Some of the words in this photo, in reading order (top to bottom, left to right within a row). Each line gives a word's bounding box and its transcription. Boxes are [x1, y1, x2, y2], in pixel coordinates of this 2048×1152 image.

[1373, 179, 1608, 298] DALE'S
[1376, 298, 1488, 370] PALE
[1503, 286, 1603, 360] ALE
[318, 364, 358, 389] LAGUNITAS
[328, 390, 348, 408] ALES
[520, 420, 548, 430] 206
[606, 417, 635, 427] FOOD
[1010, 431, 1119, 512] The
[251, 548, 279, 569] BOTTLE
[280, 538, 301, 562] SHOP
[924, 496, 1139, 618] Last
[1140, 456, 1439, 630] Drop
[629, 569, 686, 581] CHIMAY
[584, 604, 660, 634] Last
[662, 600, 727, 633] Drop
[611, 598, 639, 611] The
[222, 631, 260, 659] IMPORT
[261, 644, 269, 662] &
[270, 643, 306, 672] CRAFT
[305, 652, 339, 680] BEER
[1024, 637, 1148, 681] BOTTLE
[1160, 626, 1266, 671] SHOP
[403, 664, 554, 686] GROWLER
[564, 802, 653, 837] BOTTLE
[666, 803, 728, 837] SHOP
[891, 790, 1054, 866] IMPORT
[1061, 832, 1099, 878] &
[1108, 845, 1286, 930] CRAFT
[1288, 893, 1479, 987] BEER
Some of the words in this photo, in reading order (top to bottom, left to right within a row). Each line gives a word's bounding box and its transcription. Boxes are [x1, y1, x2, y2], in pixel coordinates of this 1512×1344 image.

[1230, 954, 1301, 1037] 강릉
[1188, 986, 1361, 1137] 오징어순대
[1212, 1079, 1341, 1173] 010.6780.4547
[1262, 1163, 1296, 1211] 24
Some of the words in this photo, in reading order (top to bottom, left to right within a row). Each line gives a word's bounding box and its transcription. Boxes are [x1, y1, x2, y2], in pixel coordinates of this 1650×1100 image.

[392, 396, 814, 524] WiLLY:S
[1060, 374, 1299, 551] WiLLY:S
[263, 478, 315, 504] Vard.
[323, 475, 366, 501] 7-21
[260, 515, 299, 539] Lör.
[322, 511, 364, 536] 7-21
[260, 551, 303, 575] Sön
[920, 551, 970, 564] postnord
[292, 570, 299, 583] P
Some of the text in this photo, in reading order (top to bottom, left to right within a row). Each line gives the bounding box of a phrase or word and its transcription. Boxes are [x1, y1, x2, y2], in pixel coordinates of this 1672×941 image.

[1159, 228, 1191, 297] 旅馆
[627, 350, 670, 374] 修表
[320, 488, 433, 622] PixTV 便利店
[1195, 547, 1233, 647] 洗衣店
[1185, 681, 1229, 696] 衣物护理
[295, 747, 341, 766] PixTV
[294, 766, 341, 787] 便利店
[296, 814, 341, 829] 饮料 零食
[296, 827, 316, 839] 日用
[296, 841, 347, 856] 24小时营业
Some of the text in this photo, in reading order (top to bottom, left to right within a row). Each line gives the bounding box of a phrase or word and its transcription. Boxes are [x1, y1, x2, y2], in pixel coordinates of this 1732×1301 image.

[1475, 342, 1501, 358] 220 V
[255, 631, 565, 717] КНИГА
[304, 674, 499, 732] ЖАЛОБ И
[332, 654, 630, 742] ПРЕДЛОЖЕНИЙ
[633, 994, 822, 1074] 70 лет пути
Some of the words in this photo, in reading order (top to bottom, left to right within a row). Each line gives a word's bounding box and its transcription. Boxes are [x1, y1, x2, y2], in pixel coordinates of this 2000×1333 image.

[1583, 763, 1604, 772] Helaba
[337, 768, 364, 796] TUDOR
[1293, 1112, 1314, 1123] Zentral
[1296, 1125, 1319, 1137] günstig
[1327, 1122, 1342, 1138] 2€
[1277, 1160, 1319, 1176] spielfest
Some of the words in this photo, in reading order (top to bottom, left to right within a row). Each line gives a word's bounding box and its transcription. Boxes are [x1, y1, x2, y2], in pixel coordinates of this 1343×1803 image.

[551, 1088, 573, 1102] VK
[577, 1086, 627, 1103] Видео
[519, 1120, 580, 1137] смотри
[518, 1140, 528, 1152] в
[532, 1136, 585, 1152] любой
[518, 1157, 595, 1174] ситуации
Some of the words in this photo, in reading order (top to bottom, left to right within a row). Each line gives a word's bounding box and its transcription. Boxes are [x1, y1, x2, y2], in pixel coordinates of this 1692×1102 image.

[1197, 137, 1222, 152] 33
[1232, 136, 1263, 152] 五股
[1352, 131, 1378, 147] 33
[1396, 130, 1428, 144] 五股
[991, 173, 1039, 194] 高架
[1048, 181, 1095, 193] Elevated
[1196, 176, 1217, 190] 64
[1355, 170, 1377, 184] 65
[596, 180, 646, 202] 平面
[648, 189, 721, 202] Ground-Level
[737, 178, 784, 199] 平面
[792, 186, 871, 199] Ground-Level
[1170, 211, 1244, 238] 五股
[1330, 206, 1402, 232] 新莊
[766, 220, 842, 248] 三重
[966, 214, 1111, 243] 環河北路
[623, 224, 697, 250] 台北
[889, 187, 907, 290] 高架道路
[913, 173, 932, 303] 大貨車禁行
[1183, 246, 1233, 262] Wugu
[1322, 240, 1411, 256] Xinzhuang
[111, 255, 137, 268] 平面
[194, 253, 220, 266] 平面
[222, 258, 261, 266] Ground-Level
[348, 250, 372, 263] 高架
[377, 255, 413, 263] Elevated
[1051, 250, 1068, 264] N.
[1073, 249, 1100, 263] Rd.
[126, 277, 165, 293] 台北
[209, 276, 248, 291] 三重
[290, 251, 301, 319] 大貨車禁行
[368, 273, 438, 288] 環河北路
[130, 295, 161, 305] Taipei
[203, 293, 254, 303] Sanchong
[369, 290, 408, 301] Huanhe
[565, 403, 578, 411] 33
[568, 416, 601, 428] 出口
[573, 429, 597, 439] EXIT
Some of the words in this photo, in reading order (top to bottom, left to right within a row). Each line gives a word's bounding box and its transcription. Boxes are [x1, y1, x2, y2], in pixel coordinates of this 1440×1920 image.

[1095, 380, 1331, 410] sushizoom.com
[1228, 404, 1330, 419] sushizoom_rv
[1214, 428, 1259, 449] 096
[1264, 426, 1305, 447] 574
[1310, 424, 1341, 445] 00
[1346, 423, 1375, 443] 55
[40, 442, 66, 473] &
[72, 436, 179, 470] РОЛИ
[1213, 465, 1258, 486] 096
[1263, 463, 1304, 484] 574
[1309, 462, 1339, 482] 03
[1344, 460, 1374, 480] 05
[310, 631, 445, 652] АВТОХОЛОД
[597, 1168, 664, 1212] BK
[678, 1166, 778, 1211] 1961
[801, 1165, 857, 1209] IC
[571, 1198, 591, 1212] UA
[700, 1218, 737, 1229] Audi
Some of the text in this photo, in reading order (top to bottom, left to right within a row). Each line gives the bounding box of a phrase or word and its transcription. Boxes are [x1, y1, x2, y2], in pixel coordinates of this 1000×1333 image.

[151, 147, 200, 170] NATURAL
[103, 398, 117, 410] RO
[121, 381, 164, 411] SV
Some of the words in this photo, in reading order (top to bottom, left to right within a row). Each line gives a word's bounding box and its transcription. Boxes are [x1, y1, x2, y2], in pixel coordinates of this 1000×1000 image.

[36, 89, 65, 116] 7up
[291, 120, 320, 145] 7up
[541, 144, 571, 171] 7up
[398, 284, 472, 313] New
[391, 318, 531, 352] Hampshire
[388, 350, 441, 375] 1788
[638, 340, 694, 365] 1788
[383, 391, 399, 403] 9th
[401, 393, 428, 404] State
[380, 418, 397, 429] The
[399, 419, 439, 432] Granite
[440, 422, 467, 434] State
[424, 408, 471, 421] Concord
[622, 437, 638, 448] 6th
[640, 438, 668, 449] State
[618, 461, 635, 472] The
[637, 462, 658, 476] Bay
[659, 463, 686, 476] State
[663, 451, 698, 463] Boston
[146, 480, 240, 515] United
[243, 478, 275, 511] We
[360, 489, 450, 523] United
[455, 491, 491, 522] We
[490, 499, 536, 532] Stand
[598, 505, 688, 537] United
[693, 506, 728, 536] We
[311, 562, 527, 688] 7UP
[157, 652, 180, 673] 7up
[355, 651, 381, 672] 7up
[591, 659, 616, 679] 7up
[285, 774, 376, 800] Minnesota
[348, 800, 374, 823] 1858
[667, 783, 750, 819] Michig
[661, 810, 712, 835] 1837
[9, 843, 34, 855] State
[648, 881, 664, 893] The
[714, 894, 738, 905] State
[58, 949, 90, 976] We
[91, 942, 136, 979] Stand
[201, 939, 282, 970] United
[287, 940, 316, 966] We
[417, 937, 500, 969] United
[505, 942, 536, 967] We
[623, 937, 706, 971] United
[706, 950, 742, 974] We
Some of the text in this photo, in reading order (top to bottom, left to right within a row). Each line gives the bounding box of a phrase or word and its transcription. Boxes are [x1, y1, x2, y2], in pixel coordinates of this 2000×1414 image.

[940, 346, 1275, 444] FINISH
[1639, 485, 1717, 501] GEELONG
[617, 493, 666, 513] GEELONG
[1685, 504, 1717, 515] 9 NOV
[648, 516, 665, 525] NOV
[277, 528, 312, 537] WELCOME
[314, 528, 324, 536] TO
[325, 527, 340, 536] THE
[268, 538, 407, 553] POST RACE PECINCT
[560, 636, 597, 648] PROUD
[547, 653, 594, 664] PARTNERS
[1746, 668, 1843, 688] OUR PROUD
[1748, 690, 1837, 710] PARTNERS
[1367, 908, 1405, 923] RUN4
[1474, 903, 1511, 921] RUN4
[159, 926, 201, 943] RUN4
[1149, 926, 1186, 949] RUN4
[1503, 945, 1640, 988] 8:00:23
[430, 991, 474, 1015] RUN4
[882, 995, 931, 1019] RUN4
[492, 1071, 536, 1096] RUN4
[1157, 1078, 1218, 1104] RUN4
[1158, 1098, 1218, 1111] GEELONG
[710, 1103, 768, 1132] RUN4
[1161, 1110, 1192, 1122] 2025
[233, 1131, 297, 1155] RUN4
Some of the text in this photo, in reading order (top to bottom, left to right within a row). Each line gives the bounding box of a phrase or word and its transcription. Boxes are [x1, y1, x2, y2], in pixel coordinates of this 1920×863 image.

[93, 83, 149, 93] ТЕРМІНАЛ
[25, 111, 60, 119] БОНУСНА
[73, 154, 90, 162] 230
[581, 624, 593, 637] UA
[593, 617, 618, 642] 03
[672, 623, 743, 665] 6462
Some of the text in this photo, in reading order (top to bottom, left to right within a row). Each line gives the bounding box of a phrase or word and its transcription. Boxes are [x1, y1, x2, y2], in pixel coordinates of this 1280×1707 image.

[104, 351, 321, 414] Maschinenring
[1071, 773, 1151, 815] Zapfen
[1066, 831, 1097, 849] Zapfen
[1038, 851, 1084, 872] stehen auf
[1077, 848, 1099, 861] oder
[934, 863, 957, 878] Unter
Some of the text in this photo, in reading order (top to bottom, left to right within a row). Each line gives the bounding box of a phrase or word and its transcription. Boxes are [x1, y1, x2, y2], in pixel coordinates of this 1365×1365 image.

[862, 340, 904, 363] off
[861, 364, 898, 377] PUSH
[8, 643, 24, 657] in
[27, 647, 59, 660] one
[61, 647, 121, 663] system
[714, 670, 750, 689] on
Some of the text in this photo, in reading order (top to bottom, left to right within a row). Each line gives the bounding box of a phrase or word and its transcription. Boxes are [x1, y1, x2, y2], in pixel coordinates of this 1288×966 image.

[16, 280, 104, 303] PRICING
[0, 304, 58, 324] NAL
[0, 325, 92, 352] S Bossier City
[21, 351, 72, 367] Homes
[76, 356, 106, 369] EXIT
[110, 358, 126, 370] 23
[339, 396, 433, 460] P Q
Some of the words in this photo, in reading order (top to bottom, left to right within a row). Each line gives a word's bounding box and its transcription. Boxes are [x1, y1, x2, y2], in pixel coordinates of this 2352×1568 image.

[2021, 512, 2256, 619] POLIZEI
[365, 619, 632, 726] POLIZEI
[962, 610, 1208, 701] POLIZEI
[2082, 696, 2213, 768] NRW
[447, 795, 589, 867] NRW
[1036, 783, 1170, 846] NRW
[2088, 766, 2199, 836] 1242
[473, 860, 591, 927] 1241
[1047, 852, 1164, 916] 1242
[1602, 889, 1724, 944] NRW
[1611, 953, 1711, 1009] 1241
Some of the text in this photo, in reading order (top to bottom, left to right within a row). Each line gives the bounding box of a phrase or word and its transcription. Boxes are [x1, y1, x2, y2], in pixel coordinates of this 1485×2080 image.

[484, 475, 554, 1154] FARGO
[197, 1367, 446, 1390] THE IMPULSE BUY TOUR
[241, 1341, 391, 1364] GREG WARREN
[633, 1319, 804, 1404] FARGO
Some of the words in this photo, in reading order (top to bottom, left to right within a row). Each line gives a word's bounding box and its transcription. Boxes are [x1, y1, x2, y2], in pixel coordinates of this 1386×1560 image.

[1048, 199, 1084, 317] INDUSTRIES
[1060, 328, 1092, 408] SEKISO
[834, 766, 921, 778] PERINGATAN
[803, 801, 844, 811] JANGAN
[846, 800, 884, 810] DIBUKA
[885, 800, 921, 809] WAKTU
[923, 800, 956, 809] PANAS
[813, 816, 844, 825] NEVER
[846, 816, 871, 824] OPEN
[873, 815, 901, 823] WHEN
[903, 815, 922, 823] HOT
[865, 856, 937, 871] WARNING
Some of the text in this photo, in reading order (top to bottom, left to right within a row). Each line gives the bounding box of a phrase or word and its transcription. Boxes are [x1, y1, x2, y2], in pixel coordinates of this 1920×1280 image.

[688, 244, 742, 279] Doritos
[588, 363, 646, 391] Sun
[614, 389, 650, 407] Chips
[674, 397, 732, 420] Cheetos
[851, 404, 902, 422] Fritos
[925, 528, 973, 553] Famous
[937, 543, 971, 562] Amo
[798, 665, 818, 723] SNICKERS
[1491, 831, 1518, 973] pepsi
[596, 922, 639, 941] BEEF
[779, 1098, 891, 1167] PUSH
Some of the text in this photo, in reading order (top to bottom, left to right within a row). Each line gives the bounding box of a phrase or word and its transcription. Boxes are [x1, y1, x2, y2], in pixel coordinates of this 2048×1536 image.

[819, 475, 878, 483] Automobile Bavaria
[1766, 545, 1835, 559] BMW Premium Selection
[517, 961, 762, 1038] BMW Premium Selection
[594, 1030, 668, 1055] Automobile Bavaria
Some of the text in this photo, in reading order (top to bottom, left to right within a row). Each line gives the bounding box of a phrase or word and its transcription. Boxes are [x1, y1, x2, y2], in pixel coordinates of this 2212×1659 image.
◆ ◆ ◆ ◆ ◆
WHAT THIS TASK INVOLVES
An exact copy is needed of the lines from the one containing "this 2048×1536 image." through the end of the records.

OUTPUT
Some of the text in this photo, in reading order (top to bottom, left to right within a row). Each line gives the bounding box of a phrase or word and its transcription. Boxes are [x1, y1, x2, y2], in pixel coordinates of this 2048×1536 image.

[819, 475, 878, 483] Automobile Bavaria
[1766, 545, 1835, 559] BMW Premium Selection
[517, 961, 762, 1038] BMW Premium Selection
[594, 1030, 668, 1055] Automobile Bavaria
Some of the text in this photo, in reading order (top to bottom, left to right within a row). Each line gives the bounding box of a phrase or word and its transcription. Boxes are [x1, y1, x2, y2], in pixel coordinates of this 2212×1659 image.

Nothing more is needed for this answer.